Ave Maria est bien sûr ce film iconoclaste de Jacques Richard don't l'affiche montrant l'actrice Pasco, vêtue d'un simple pagne, à l'image et dans la même position que Jésus sur sa croix, avait déclenché un barrage de procès de la part de diverses institutions catholiques visant à interdire sa diffusion sur les placards du métro et des endroits publics de Paris. Et pourtant, l'affiche est bien anodine, assez astucieuse et esthétiquement réussie et ma foi, la moins pire des choses que l'on peut dire du film lui-même.
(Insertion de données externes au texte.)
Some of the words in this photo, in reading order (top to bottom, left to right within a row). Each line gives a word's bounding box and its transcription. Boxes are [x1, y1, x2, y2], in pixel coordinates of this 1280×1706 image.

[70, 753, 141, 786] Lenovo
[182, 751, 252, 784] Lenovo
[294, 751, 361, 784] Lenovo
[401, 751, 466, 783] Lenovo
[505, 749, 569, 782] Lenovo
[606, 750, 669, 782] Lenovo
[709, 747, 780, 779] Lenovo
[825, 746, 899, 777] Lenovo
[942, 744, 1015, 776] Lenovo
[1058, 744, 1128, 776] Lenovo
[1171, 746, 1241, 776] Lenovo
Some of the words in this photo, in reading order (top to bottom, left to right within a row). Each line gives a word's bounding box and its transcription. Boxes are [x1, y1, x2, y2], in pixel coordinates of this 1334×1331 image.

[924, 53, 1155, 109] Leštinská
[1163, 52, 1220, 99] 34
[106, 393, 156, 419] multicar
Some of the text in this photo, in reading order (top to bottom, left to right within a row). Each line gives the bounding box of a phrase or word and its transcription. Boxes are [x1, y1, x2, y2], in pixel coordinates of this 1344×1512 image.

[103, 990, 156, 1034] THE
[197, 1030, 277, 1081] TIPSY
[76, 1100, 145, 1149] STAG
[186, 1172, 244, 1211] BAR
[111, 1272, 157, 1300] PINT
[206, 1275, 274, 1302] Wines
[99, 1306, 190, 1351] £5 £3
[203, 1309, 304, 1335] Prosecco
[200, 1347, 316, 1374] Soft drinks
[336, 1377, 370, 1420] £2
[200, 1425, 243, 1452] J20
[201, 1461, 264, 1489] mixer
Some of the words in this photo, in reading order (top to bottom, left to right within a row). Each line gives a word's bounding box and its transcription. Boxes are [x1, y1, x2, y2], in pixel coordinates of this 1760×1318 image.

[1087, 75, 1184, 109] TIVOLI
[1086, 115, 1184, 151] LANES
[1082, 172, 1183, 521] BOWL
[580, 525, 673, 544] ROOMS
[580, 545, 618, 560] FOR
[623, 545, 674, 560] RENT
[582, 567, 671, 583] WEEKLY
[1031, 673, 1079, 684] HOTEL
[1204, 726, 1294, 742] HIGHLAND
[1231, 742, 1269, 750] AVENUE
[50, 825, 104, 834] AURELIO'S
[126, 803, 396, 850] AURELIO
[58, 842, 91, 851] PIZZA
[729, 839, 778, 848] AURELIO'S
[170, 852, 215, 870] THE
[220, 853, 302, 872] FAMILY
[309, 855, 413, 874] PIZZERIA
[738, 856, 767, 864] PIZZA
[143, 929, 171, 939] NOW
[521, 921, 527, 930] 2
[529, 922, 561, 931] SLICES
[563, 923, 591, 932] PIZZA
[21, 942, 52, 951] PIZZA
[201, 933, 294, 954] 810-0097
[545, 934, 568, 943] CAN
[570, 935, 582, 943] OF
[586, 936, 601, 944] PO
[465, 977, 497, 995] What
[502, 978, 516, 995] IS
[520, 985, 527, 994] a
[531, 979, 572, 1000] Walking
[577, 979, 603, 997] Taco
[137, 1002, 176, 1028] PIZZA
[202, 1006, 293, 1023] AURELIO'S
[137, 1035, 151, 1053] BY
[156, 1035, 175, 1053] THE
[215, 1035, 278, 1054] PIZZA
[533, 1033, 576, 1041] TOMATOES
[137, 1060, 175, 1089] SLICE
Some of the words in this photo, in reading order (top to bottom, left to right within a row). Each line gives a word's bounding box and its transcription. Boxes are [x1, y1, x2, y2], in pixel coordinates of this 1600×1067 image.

Je me souviens très bien du scandale énorme qu'Ave Maria avait causé en 1984. Après tout, le Québec ne s'était que fraîchement libéré du joug du clergé en cette période-là, et l'Église en déclin accéléré avait fait quand même fait connaître sa position sur l'affiche honnie.
Mais je n'avais pas vu le film, qui avait été un échec commercial cuisant pour Jacques Richard dans toute la francophonie. Il m'a fallu attendre l'occasion de le visionner sur StudioCanal aujourd'hui. C'est alors que j'ai compris la raison de cet échec.
Non. L'affiche, par son attrait sulfureux, aurait dû servir le film si ce dernier avait capturé un enthousiasme, et le boucan juridique qui avait entouré sa sortie aurait dû en faire un succès populaire si le contenu avait été à la hauteur de l'affiche.
Hélas, hélas, hélas! Même la participation de noms aussi établis que Féodor Atkin (Adolphe Éloi, le "Saint Père"), d'Anna Karina (Berthe Granjeux, la "Sainte Mère") et de Pascale Ogier (pusillanime "Soeur Angélique", dans le dernier rôle de sa carrière qui sera écourtée -par coïncidence- au moment même de la sortie officielle du film) ne peuvent sortir ce film du terrible bourbier dans lequel il cherche à enliser le spectateur.
Un prêtre défroqué (Atkine), concubin d'une femme (Karina) qu'un faux mysticisme à rabais rend complètement hystérique et cruelle envers ses ouailles impuissantes, exercent une domination totale non seulement sur la vie spirituelle, mais jusque sur la conduite des affaires financières d'une petite communauté rurale isolée du monde extérieur, dans le but de s'enrichir à leurs dépens. Seule une religieuse (?) (Ogier), sorte de femme-enfant en contemplation placide et naïve tant des réalités les plus banales que des paroles des Évangiles, trouve grâce à leurs yeux, car elle semble aveugle à la corruption et à la haine maladive du "Saint Père" et de la "Sainte Mère" à l'égard des pauvres paysans prisonniers de cette secte improvisée.
Car il s'agit bien d'une tentative de critique satirique que le scénario, de la plume de Paul Gégauff, qui sera assassiné l'année suivante par sa femme en Norvège, du film se voulait de l'aveu même de son réalisateur Jacques Richard (dont la carrière cinématographique sombra suite à cette sortie désastreuse), et non d'une attaque frontale du catholicisme. Cette défense est plausible, sauf que le procédé, lui, est complètement, irrémédiablement, extraordinairement rate.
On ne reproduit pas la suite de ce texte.